В философии строгости не больше, чем в поэзии, точно так же как в уме ее не больше, чем в сердце; строгость существует лишь в той мере, в которой мы отождествляем своя с принципом или делом, за которое мы беремся или влиянию которого подвергаемся: все, что извне: и разум, и чувства – произ­вольно. То, что мы называем истиной – ошибка, пережитая не в полной мере, еще неисчерпанная, но она обречена вскоре устареть; это еще одна новая ошибка, которая лишь ожидает компрометации своей новизны. Знание расцветает и увядает вместе с нашими чувствами. И если мы одну за другой приняли все истины, это значит, что вместе с ними мы исчерпали себя и что в нас не больше жизненных сил, чем в них. История непостижима вне того, что вызывает разочарование. Именно так зреет желание предаться мелан­холии и от нее умереть…

Истинное знание сводится к бдению во мраке; от животных и нам подобных нас отличает сумма наших бессонниц. Какую плодотворную или странную идею создал соня? Вы крепко спите? Вы видите сладкие сны? Значит, вы множите ряды анонимного сброда. Дневной свет враждебен мысли, солнце ее затмевает, она расцветает только ночной порой… Из ночного знания следует: всякий человек, приходящий к утешительному выводу по любому вопросу, проявляет глупость или ложное милосердие.

Кому удалось открыть стоящую радостную истину? Кому удалось дневными речами спасти честь интеллекта? Блажен, кто может сказать себе: «Знание мое – печально».

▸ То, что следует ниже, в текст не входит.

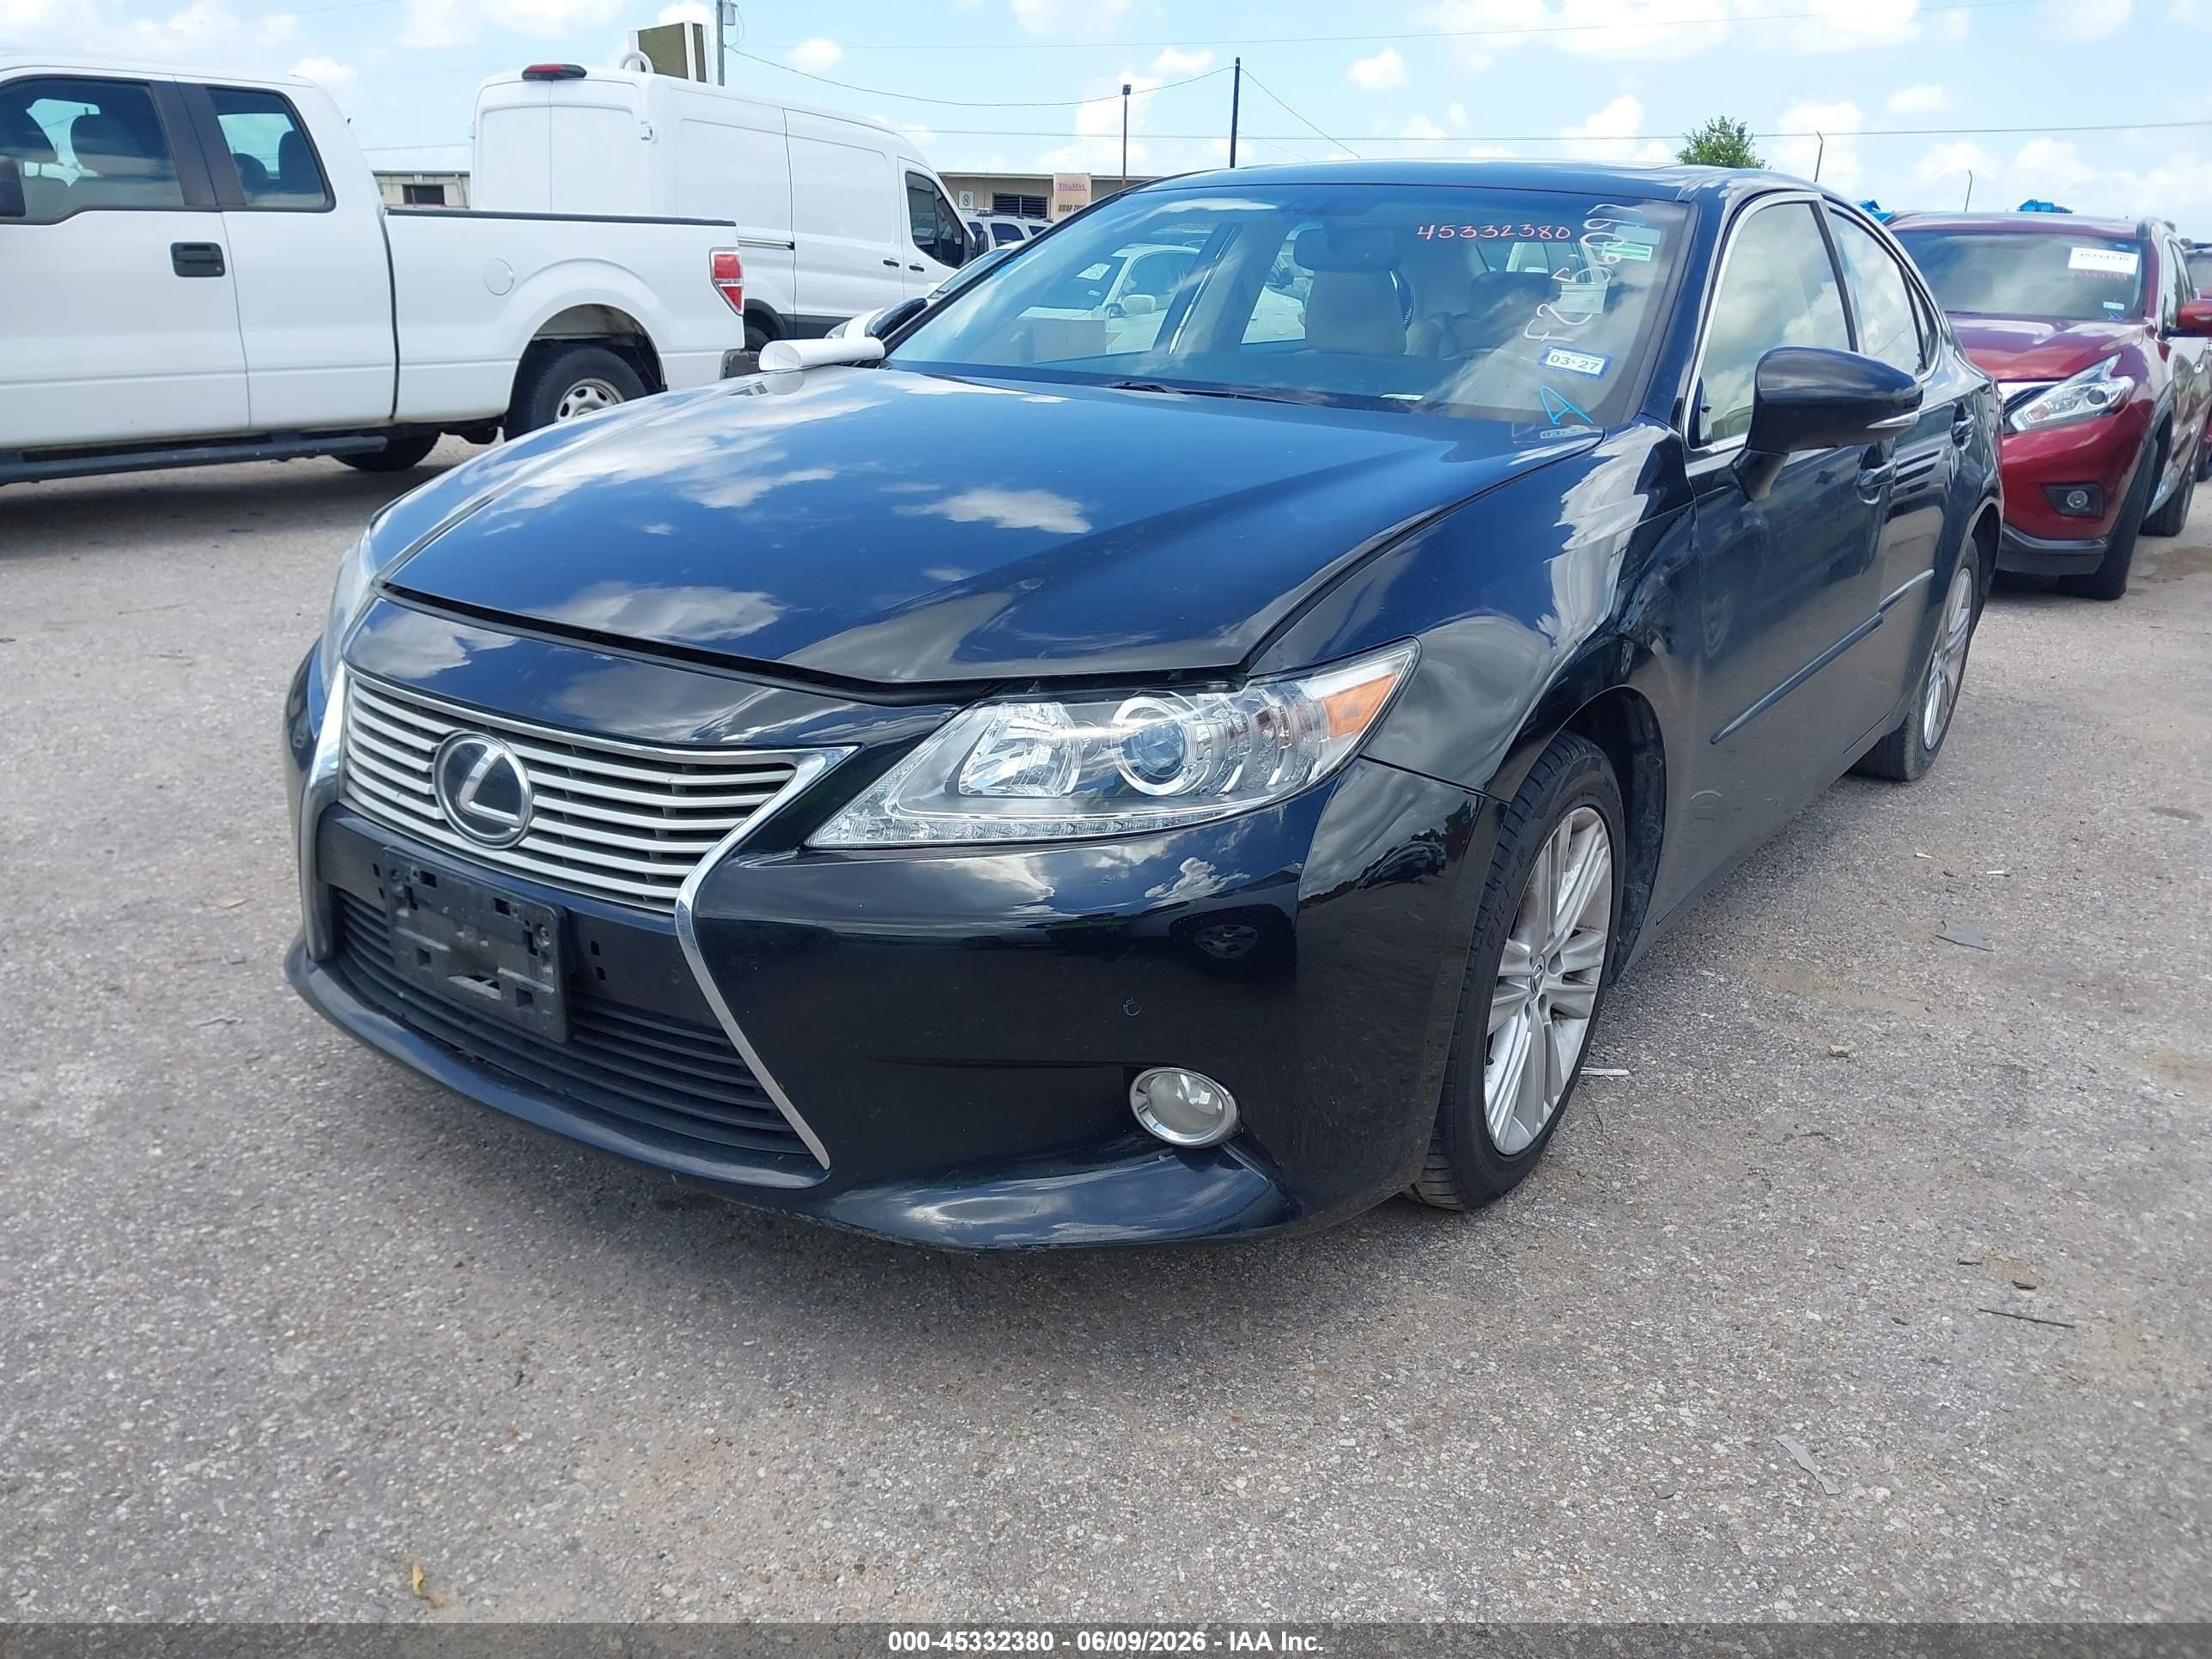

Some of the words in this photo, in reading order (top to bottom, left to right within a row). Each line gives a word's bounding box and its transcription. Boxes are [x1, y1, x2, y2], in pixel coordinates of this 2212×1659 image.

[1416, 223, 1571, 240] 45332380
[1550, 354, 1571, 365] 03
[1577, 359, 1601, 370] 27

История – это ирония в движении, усмешка Духа, сквозящая в событиях и людях. Сегодня празднует победу то или иное верование, завтра его повергнут, обесславят и заменят: верившие в него разделят его участь. На смену придет новое поколение: старое верование вновь вступит в силу; его разрушенные памятники восстановят… в ожидании новой гибели. Нет незыблемого начала, которое управляло бы милостью и суровостью судьбы: их чередование – следствие грандиозного фарса духа, вовлекавшего в свою игру и самозванцев, и ревнителей, хитрость и пыл. Присмотритесь к полемике каждой эпохи: она не кажется ни оправданной, ни мотивированной. Но ведь она была самой сущностью жизни своего времени. Кальвинизм, квиетизм, Пор-Рояль, Просвещение, Революция, позитивизм и т.д. – какая цепь неизбежных нелепостей… какая бесполезная и при том роковая растрата! От Вселенских соборов до современных политических споров, ортодоксия и ересь одолевали любознательность человека своей неотразимой бессмысленностью. Всегда будут рядящиеся в разнообразные одежды «за» и «против» – по всем вопросам: от Неба до Борделя. Тысячи людей несли бремя страданий из-за тех или иных нюансов, связанных с Девой и Сыном; тысячи других мучились из-за догм, пусть и не столь необоснованных, но столь же невероятных. Все истины создают секты, которые в конце концов разделяют судьбу Пор-Рояля: их преследуют и уничтожают, а впоследствии их руины становятся дороги сердцу, их украшает ореол мученичества, и они превращаются в место паломничества…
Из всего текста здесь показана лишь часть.